- Born: New Jersey, US
- Spouse(s): Anthony Alfrey ​ ​(m. 1993; died 2015)​ Dean Winslow

Academic background
- Education: Harvard University (BA) Weill Cornell Medicine (MD)
- Thesis: John Dewey and social pragmatism in China (1979)

Academic work
- Institutions: Stanford University School of Medicine
- Website: eaglefundtrust.org

= Julie Parsonnet =

American infectious disease expert

Julie Parsonnet is an infectious disease expert. She is a Fellow of the National Academy of Medicine and American Society for Clinical Investigation.

==Early life and education==
Parsonnet grew up in Millburn, New Jersey, alongside father Victor Parsonnet and attended Millburn High School. Following high school, she graduated magna cum laude from Harvard University with a bachelor's degree in history and science. As a sophomore at Harvard, she spent a summer as an intern with Senator Clifford P. Case.

Following Harvard, Parsonnet enrolled at Cornell University for her medical degree. Upon graduating in 1983, she had received the John Metcalf Polk Prize for General Efficiency as a student with the highest academic standing over four years, the Clarence C. Coryell Prize in Medicine for having the highest average in medicine through the junior year, the Alfred Moritz Michaelis Prize Endowment for Efficiency in General Medicine, and the American Medical Women's Association Scholarship Citation. Following Cornell, Parsonnet completed her residency and fellowship at Massachusetts General Hospital from 1984 until 1989.

==Career==
Upon completing her formal education, Parsonnet accepted an assistant professor position at Stanford University School of Medicine. In 1991, she received a 2-year, $60,000 grant from the Infectious Diseases Society of America to support her research into a possible association of gastrointestinal infection by the bacterium Helicobacter pylori, with the onset of gastric cancer. As a result of her work, she was elected a Member of the American Society for Clinical Investigation in 1998. Parsonnet married Anthony Alfrey in 1993 and they had one daughter together.
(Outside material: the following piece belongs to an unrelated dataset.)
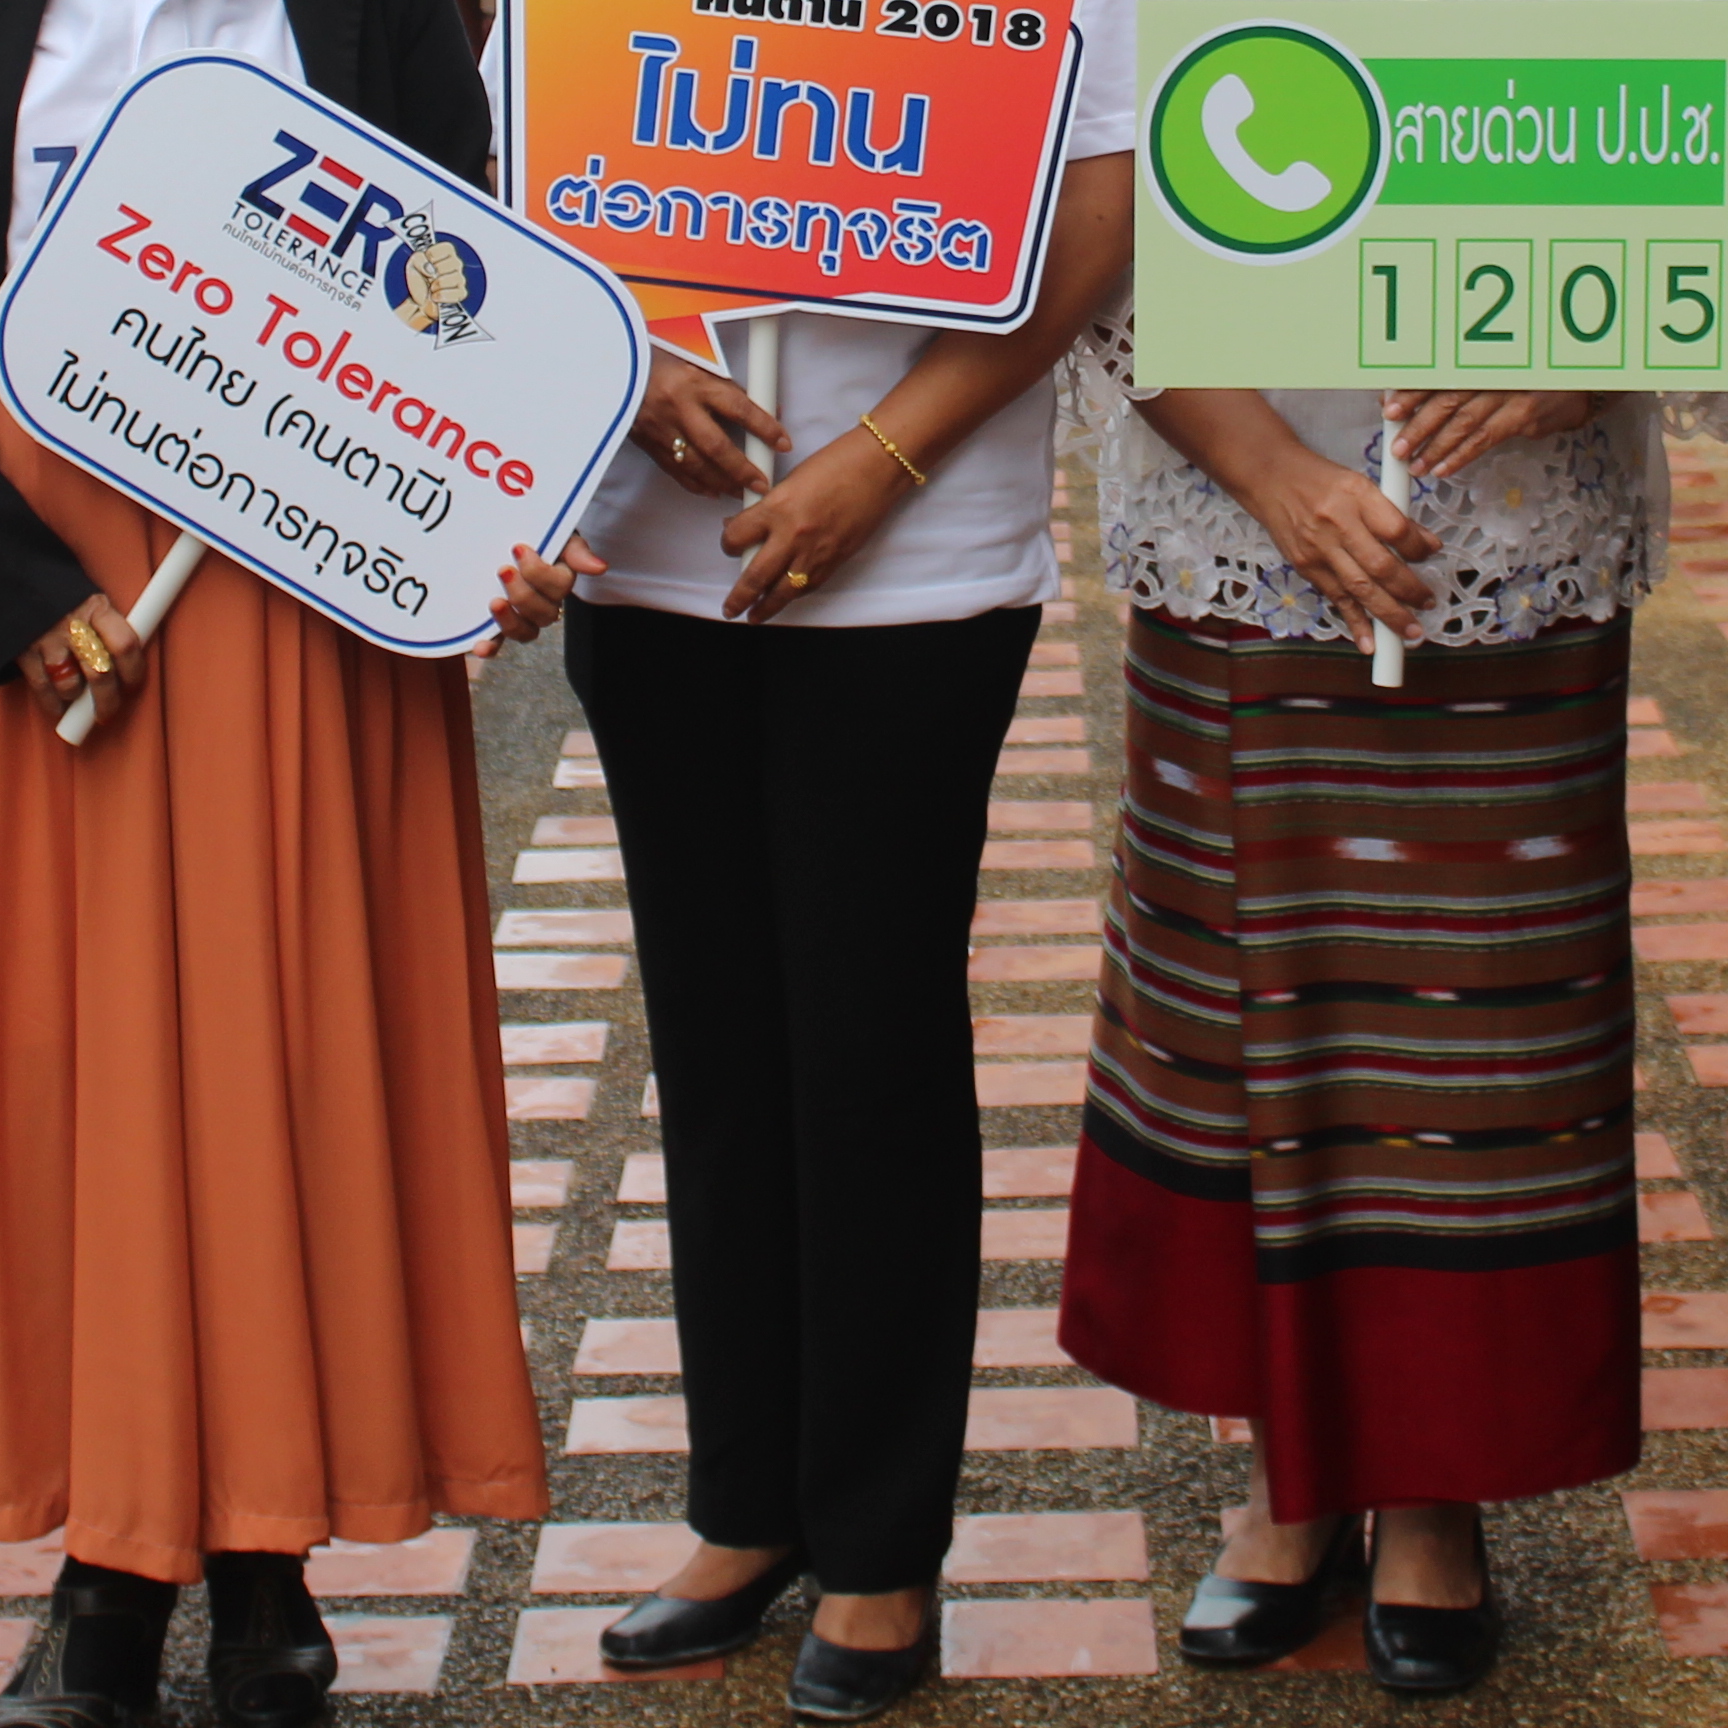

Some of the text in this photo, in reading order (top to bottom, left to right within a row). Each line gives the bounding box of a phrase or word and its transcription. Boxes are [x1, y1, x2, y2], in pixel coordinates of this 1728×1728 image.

Alongside her new husband Dean Winslow, they created The Eagle Fund of the Silicon Valley Community Foundation in 2015 to provides aid to middle eastern and central American refugees. A few years later, Parsonnet was elected to the National Academy of Medicine for "elucidating how infectious agents cause chronic disease and research on H. pylori’s roles in malignancy and in modulating host immunity that are widely cited in the field of gastric cancer."